# WORK INSTRUCTION
Give the listing back in full, exactly as written, with the pictures removed.

# DATA FOR THIS TASK
Start of Block

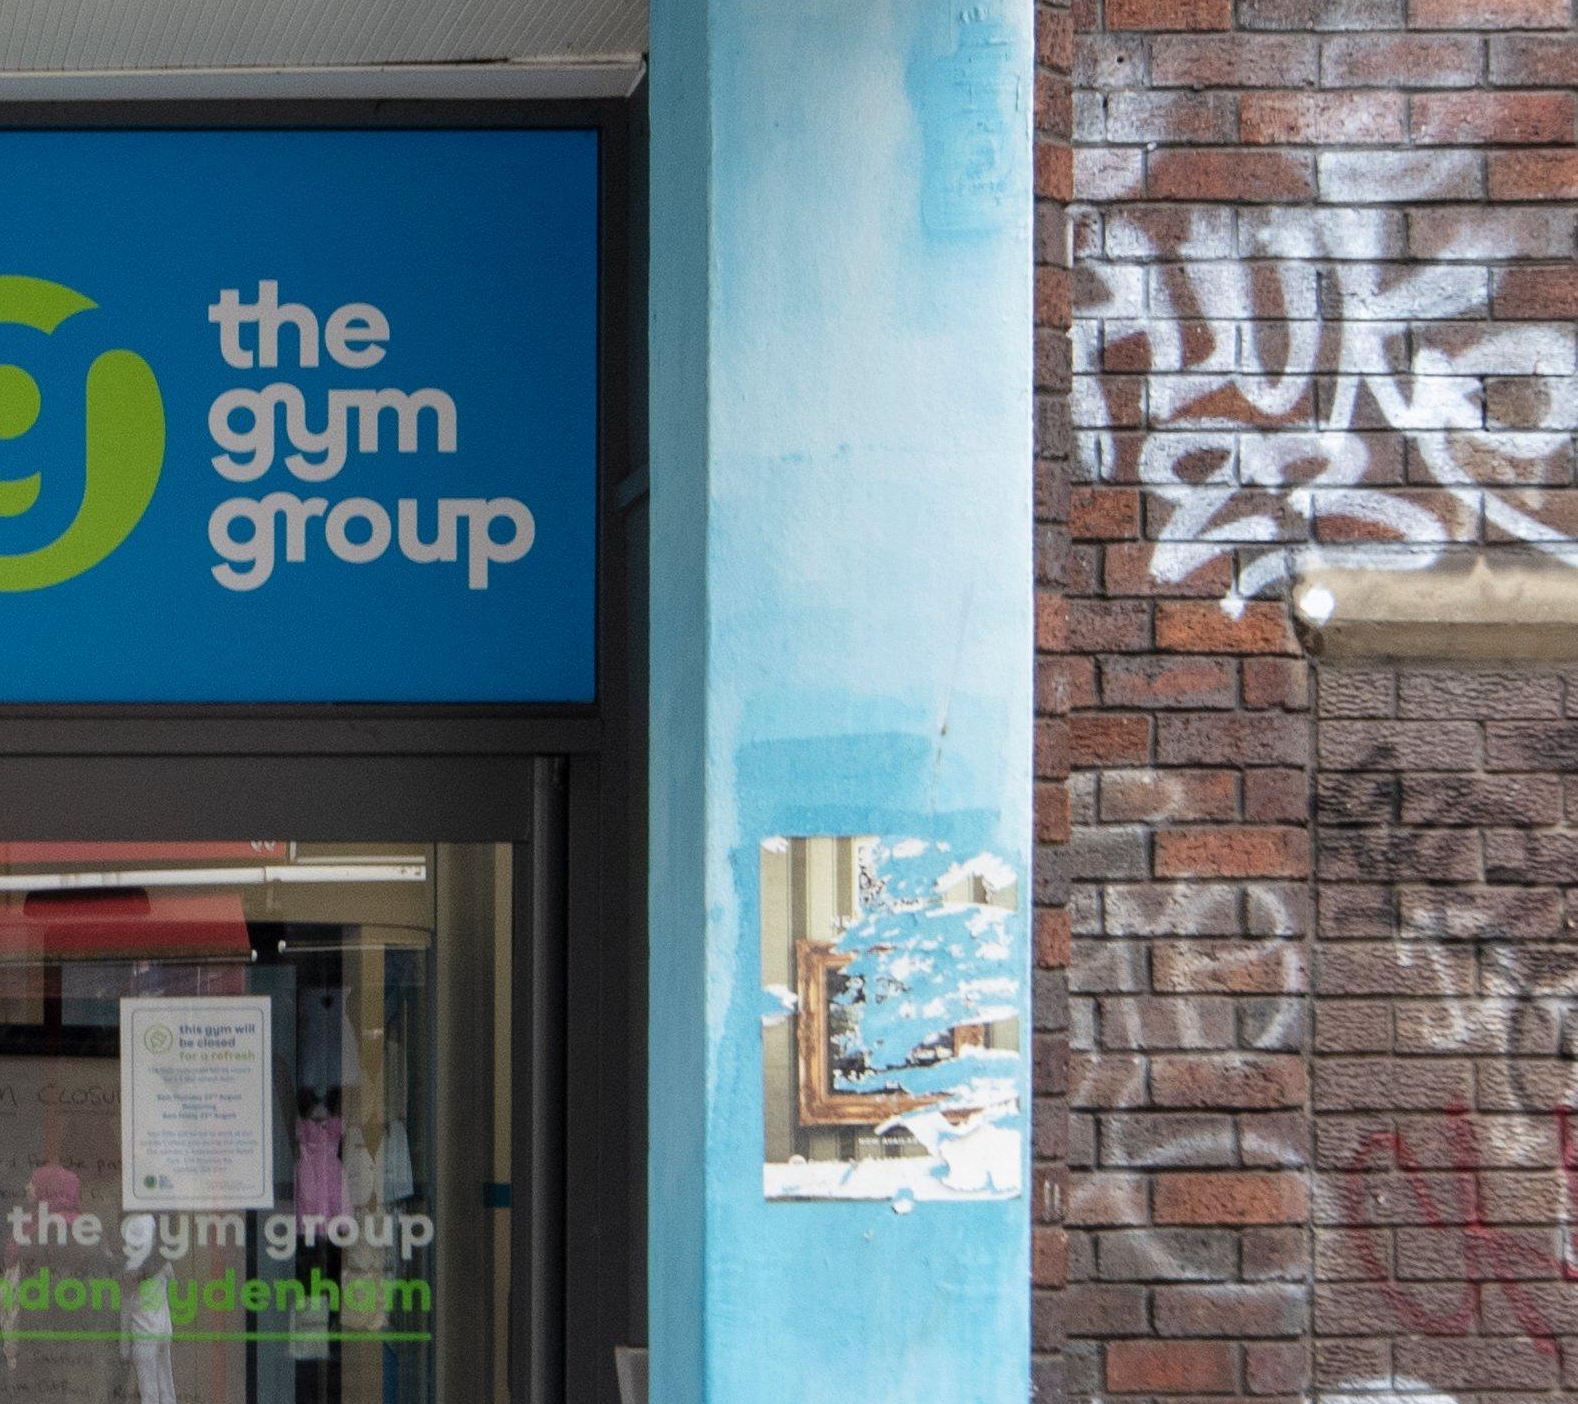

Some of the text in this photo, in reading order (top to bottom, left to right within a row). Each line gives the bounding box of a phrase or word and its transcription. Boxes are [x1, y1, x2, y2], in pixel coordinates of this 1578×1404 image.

[208, 280, 391, 369] the
[208, 382, 458, 483] gym
[208, 491, 536, 592] group
[179, 1024, 256, 1036] this gym will
[179, 1037, 236, 1047] be closed
[179, 1051, 197, 1060] for
[211, 1051, 256, 1060] refresh
[37, 1084, 121, 1108] CLOSU
[7, 1202, 102, 1247] the
[122, 1213, 245, 1260] gym
[265, 1213, 435, 1260] group
[139, 1268, 432, 1324] sydenham

End of Block

# EXERCISE RESULT
Some of the text in this photo, in reading order (top to bottom, left to right within a row). Each line gives the bounding box of a phrase or word and its transcription. Boxes are [x1, y1, x2, y2], in pixel coordinates of this 1578×1404 image.

[208, 280, 391, 369] the
[208, 382, 458, 483] gym
[208, 491, 536, 592] group
[179, 1024, 256, 1036] this gym will
[179, 1037, 236, 1047] be closed
[179, 1051, 197, 1060] for
[211, 1051, 256, 1060] refresh
[37, 1084, 121, 1108] CLOSU
[7, 1202, 102, 1247] the
[122, 1213, 245, 1260] gym
[265, 1213, 435, 1260] group
[139, 1268, 432, 1324] sydenham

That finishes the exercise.